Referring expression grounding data
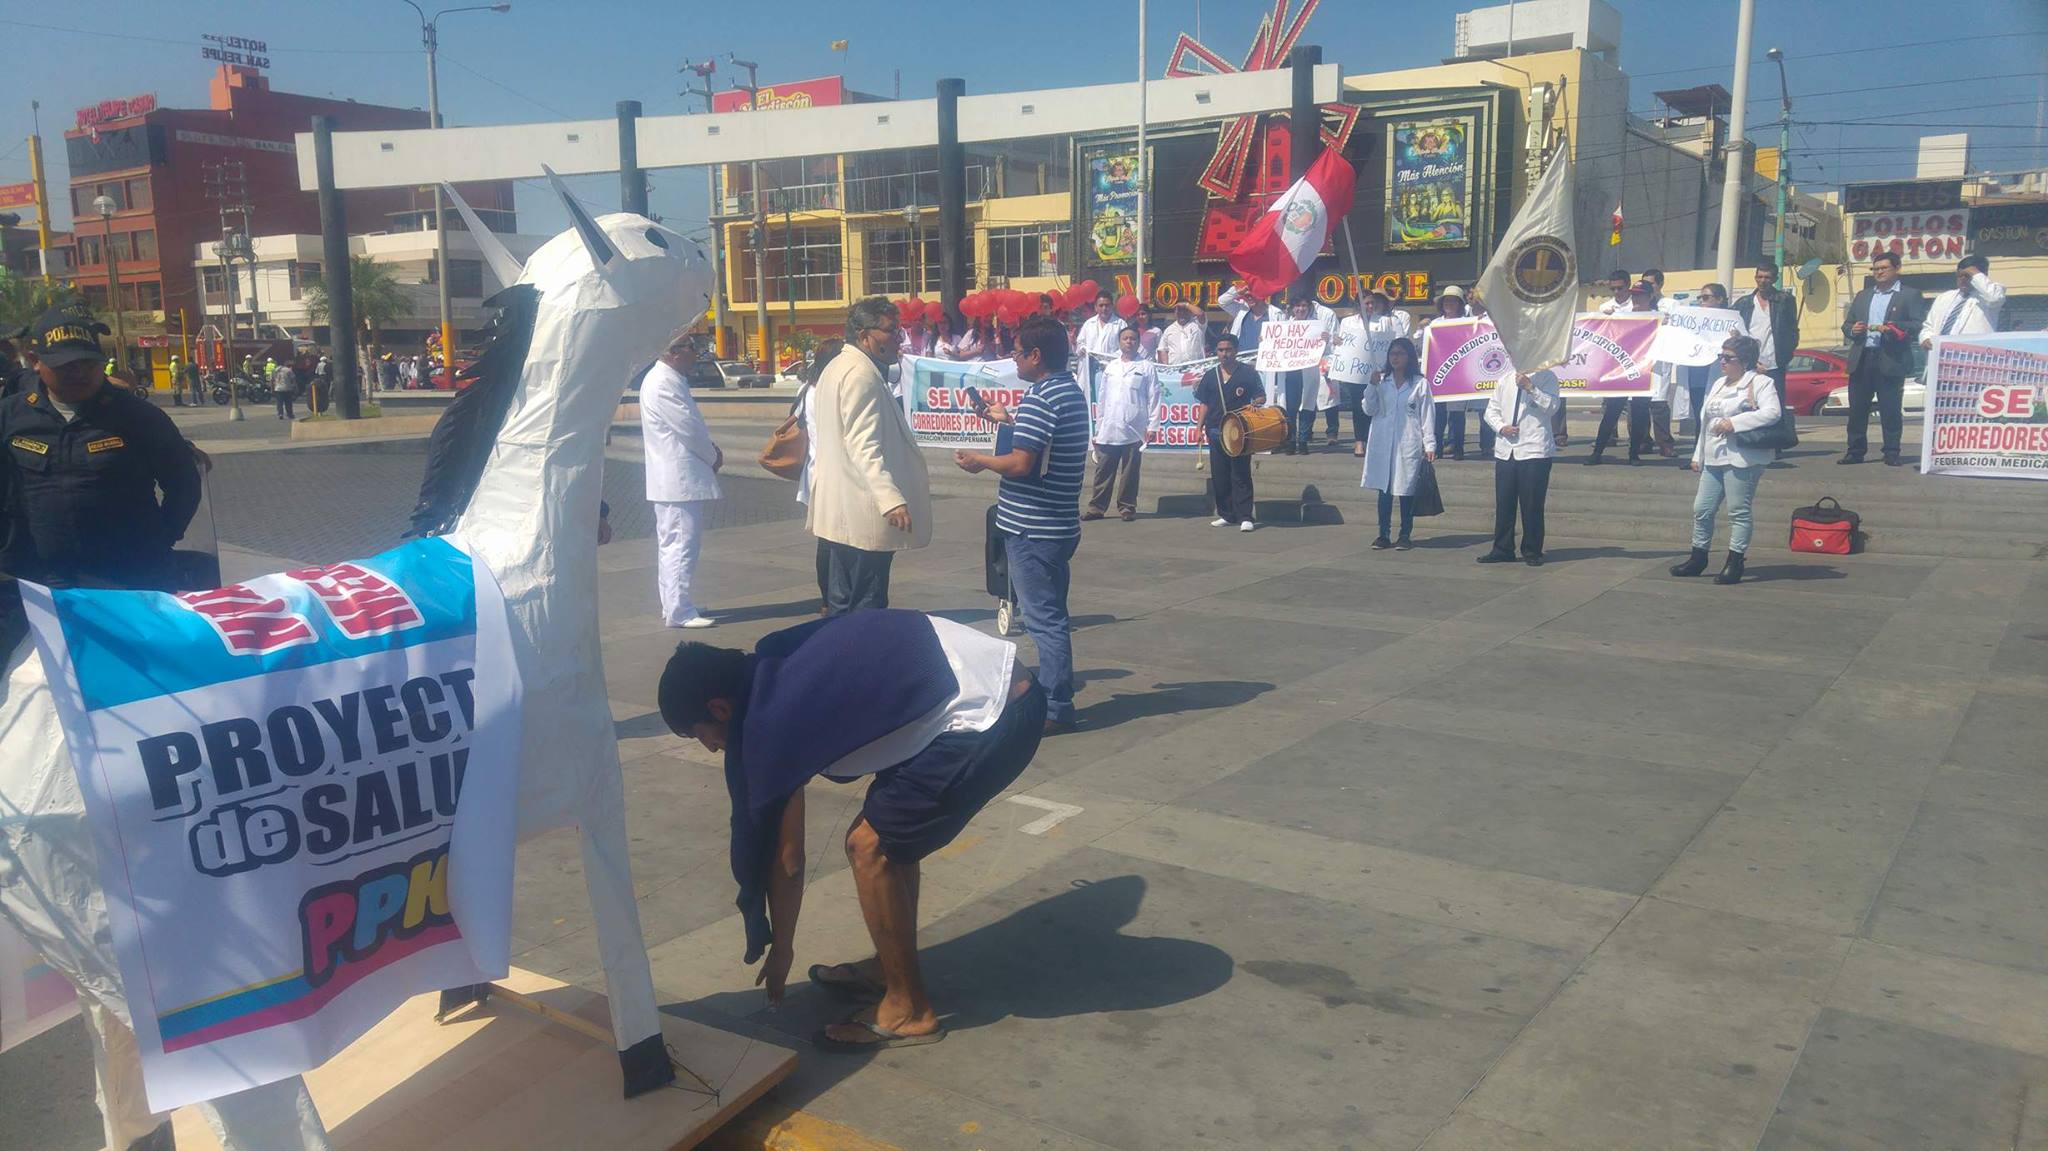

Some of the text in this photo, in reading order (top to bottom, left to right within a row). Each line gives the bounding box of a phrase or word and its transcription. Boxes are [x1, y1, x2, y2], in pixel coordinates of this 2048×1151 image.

[741, 95, 810, 112] discón
[758, 91, 771, 105] El
[1397, 169, 1420, 182] Más
[1855, 214, 1965, 238] POLLOS
[1852, 237, 1965, 262] GASTON
[1318, 271, 1429, 304] OUGE
[45, 326, 95, 347] POLICIA
[1265, 324, 1310, 339] NO HAY
[1273, 338, 1324, 350] MEDICINAS
[1434, 354, 1459, 385] CUERPO
[1458, 335, 1490, 357] MEDICO
[1581, 330, 1620, 356] PACIFICO
[1617, 350, 1640, 379] NORE
[927, 388, 1025, 409] SE VNDE
[1981, 388, 2033, 414] SE
[912, 413, 962, 431] CORREDORES
[964, 414, 983, 432] PPK
[1170, 404, 1189, 421] SE
[1167, 427, 1185, 444] SE
[1937, 426, 2048, 452] CORREDORES
[1934, 457, 2048, 469] FEDERACIÓN MEDICA
[136, 667, 475, 811] PROYECT
[191, 746, 470, 875] de SALU
[300, 848, 450, 974] PPK
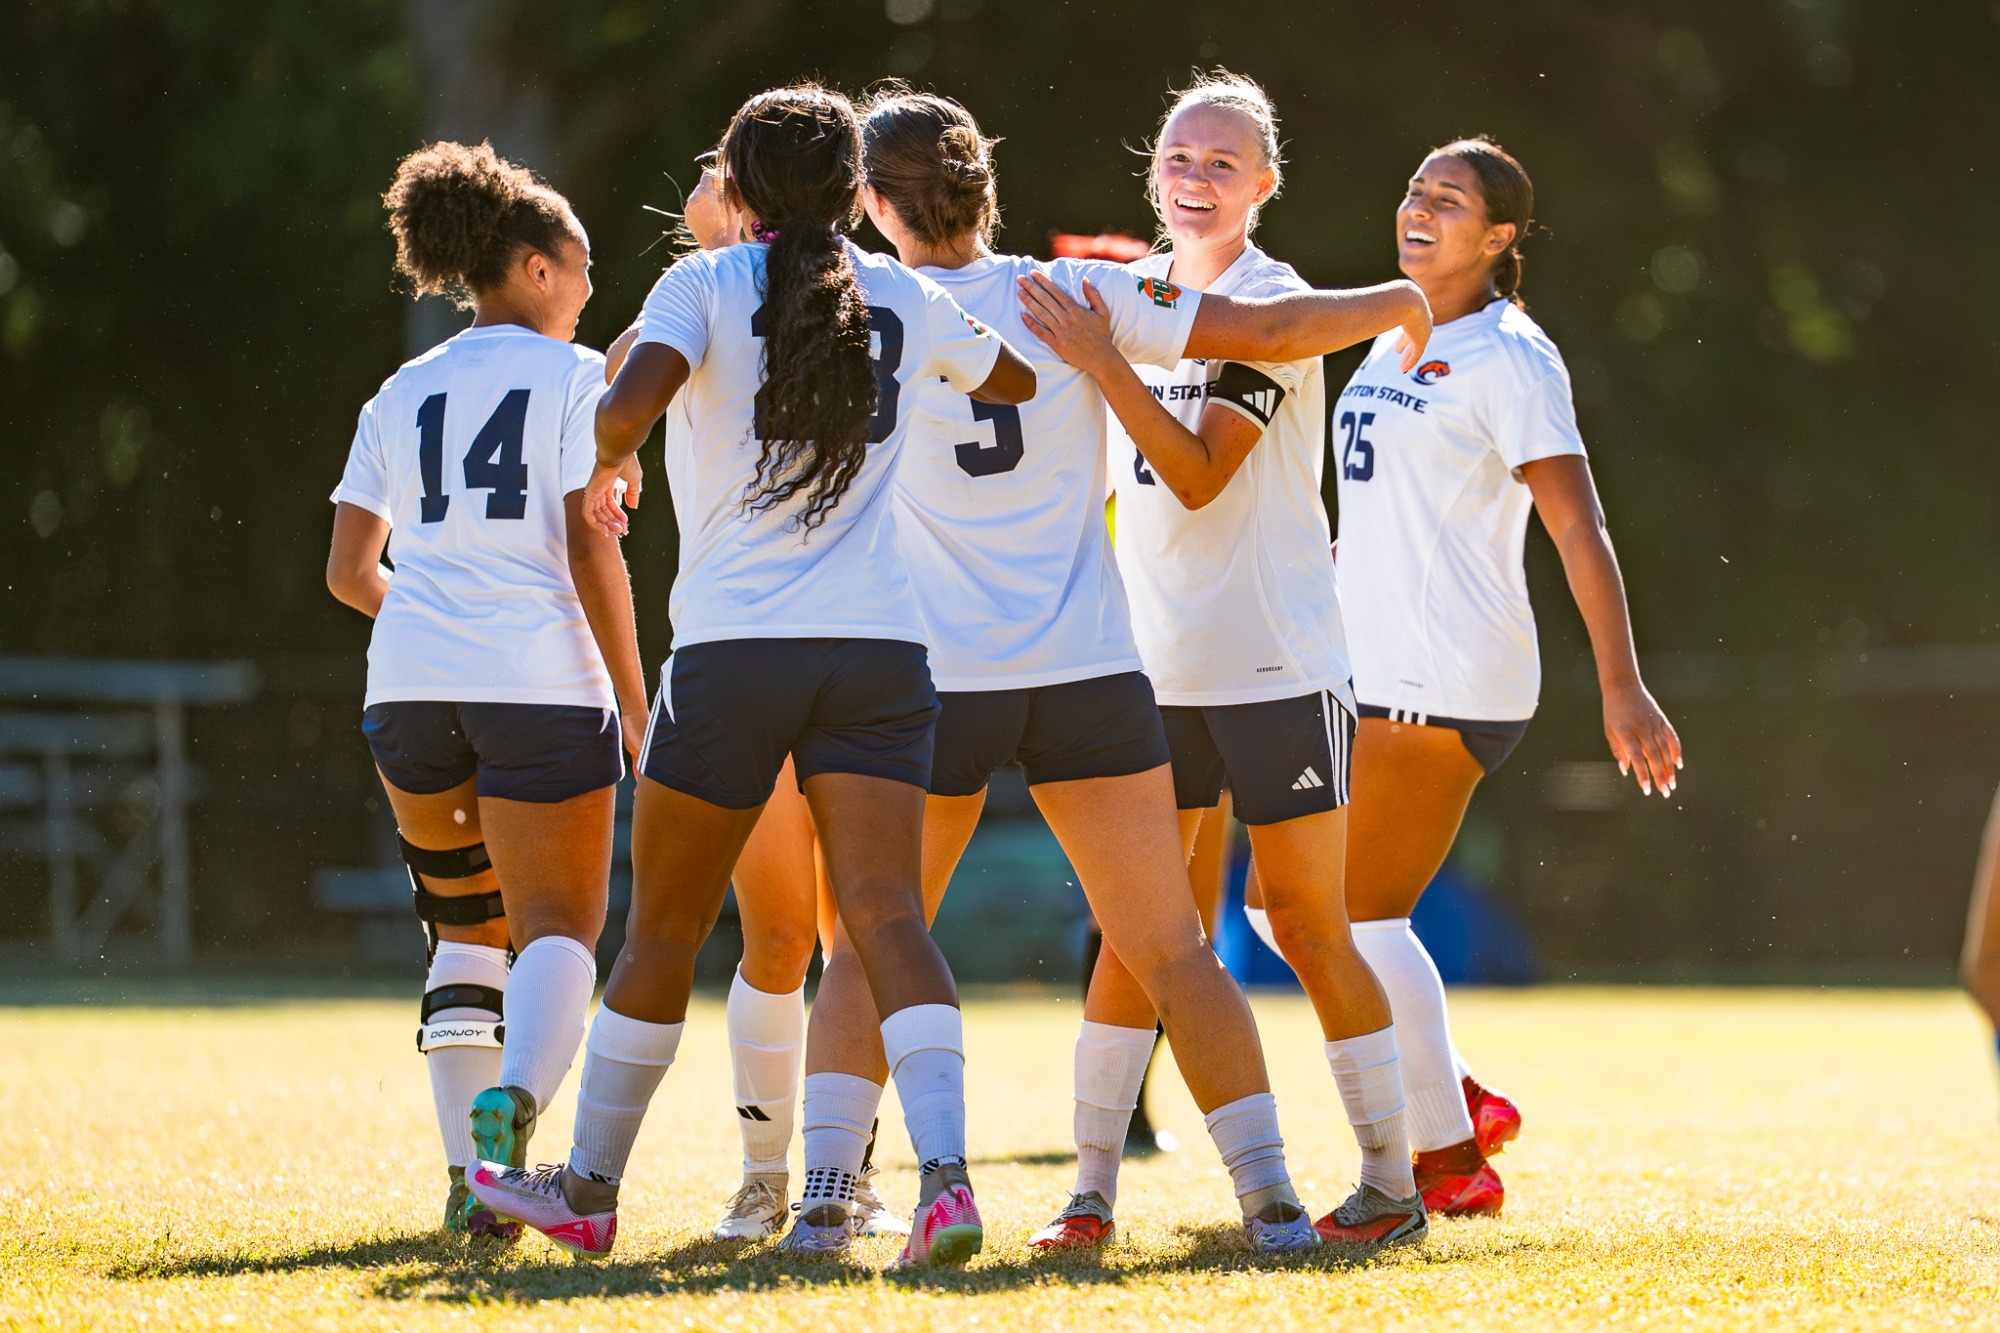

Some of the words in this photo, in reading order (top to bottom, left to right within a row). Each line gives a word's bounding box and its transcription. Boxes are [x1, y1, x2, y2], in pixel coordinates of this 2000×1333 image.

[1377, 386, 1428, 415] STATE
[415, 388, 532, 525] 14
[1340, 411, 1377, 483] 25
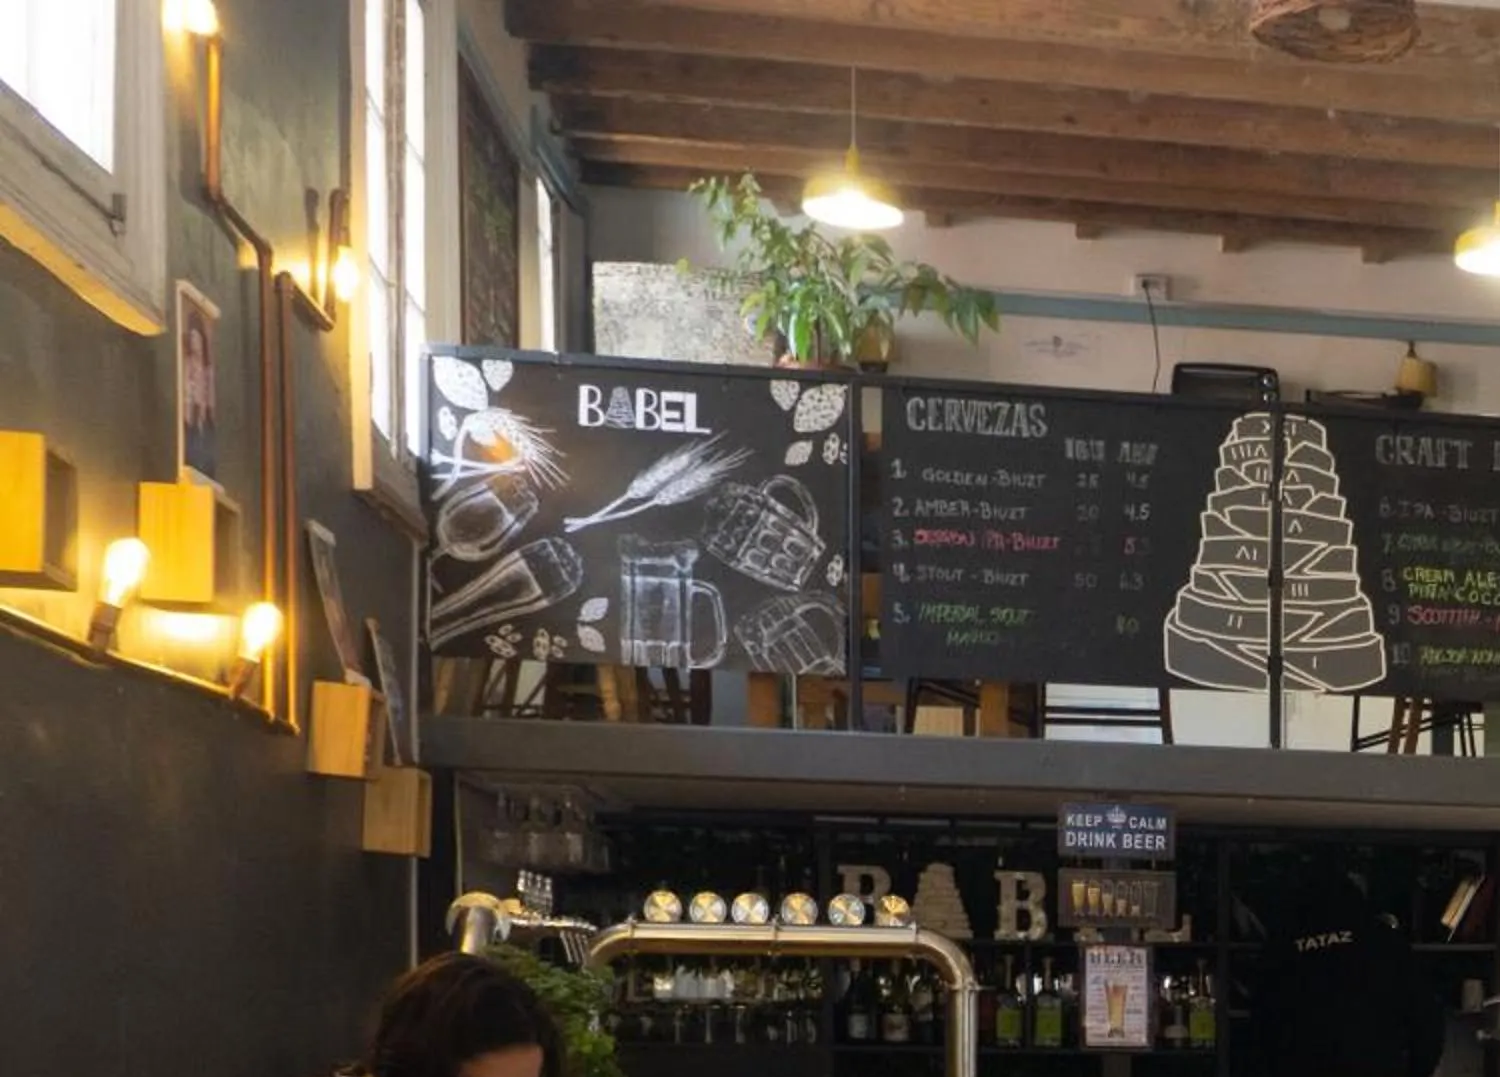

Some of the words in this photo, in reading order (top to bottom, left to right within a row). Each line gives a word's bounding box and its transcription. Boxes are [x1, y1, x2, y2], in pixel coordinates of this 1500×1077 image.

[578, 384, 712, 435] BABEL
[906, 396, 1048, 438] CERVEZAS
[1375, 434, 1473, 469] CRAFT
[1403, 566, 1456, 584] CREAM
[1463, 570, 1497, 589] ALE
[1066, 813, 1103, 827] KEEP
[1129, 814, 1167, 830] CALM
[1065, 831, 1116, 849] DRINK
[1122, 832, 1167, 851] BEER
[1293, 929, 1354, 953] TATAZ

### Assignment:
Restate each line above exactly, keeping pictures out.

### Solved problem:
Some of the text in this photo, in reading order (top to bottom, left to right within a row). Each line gives the bounding box of a phrase or word and its transcription. Boxes are [x1, y1, x2, y2], in pixel coordinates of this 2048×1151 image.

[741, 95, 810, 112] discón
[758, 91, 771, 105] El
[1397, 169, 1420, 182] Más
[1855, 214, 1965, 238] POLLOS
[1852, 237, 1965, 262] GASTON
[1318, 271, 1429, 304] OUGE
[45, 326, 95, 347] POLICIA
[1265, 324, 1310, 339] NO HAY
[1273, 338, 1324, 350] MEDICINAS
[1434, 354, 1459, 385] CUERPO
[1458, 335, 1490, 357] MEDICO
[1581, 330, 1620, 356] PACIFICO
[1617, 350, 1640, 379] NORE
[927, 388, 1025, 409] SE VNDE
[1981, 388, 2033, 414] SE
[912, 413, 962, 431] CORREDORES
[964, 414, 983, 432] PPK
[1170, 404, 1189, 421] SE
[1167, 427, 1185, 444] SE
[1937, 426, 2048, 452] CORREDORES
[1934, 457, 2048, 469] FEDERACIÓN MEDICA
[136, 667, 475, 811] PROYECT
[191, 746, 470, 875] de SALU
[300, 848, 450, 974] PPK

Some of the words in this photo, in reading order (top to bottom, left to right within a row). Each line gives a word's bounding box and its transcription. Boxes are [x1, y1, x2, y2], in pixel coordinates of this 2000×1333 image.

[1377, 386, 1428, 415] STATE
[415, 388, 532, 525] 14
[1340, 411, 1377, 483] 25

Some of the words in this photo, in reading order (top to bottom, left to right within a row). Each line gives a word's bounding box and its transcription. Boxes are [x1, y1, x2, y2], in pixel coordinates of this 1500×1077 image.

[578, 384, 712, 435] BABEL
[906, 396, 1048, 438] CERVEZAS
[1375, 434, 1473, 469] CRAFT
[1403, 566, 1456, 584] CREAM
[1463, 570, 1497, 589] ALE
[1066, 813, 1103, 827] KEEP
[1129, 814, 1167, 830] CALM
[1065, 831, 1116, 849] DRINK
[1122, 832, 1167, 851] BEER
[1293, 929, 1354, 953] TATAZ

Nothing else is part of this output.